Reproduce the whole listing below without its pictures, exactly as written.

■ ■ ■ ■ ■ ■ ■

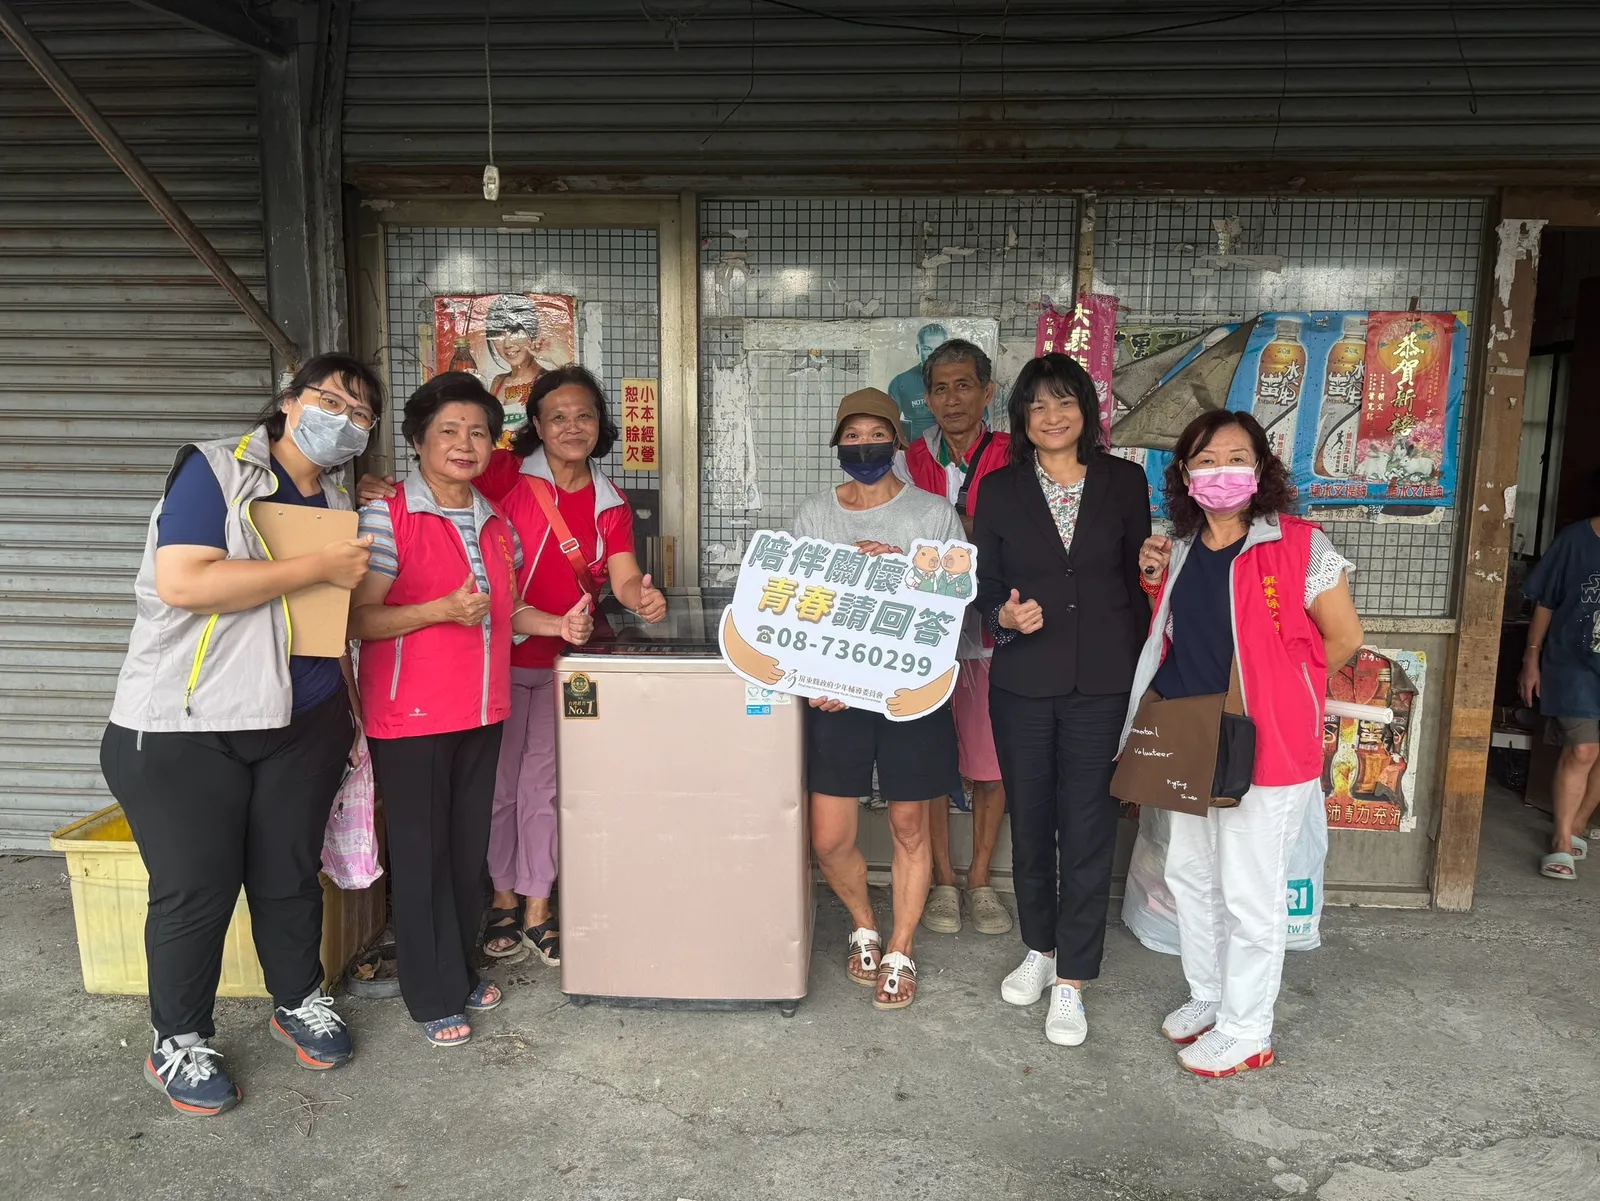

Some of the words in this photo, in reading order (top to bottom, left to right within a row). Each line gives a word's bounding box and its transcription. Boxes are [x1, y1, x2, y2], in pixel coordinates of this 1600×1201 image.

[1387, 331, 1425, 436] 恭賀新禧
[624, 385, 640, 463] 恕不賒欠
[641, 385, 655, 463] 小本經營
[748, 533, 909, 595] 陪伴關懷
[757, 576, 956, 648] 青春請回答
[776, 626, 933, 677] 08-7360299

■ ■ ■ ■ ■ ■ ■

**FINISHED TASK**
Some of the words in this photo, in reading order (top to bottom, left to right within a row). Each line gives a word's bounding box and its transcription. Boxes are [x1, y1, x2, y2], in pixel coordinates of this 1600×1201 image.

[1387, 331, 1425, 436] 恭賀新禧
[624, 385, 640, 463] 恕不賒欠
[641, 385, 655, 463] 小本經營
[748, 533, 909, 595] 陪伴關懷
[757, 576, 956, 648] 青春請回答
[776, 626, 933, 677] 08-7360299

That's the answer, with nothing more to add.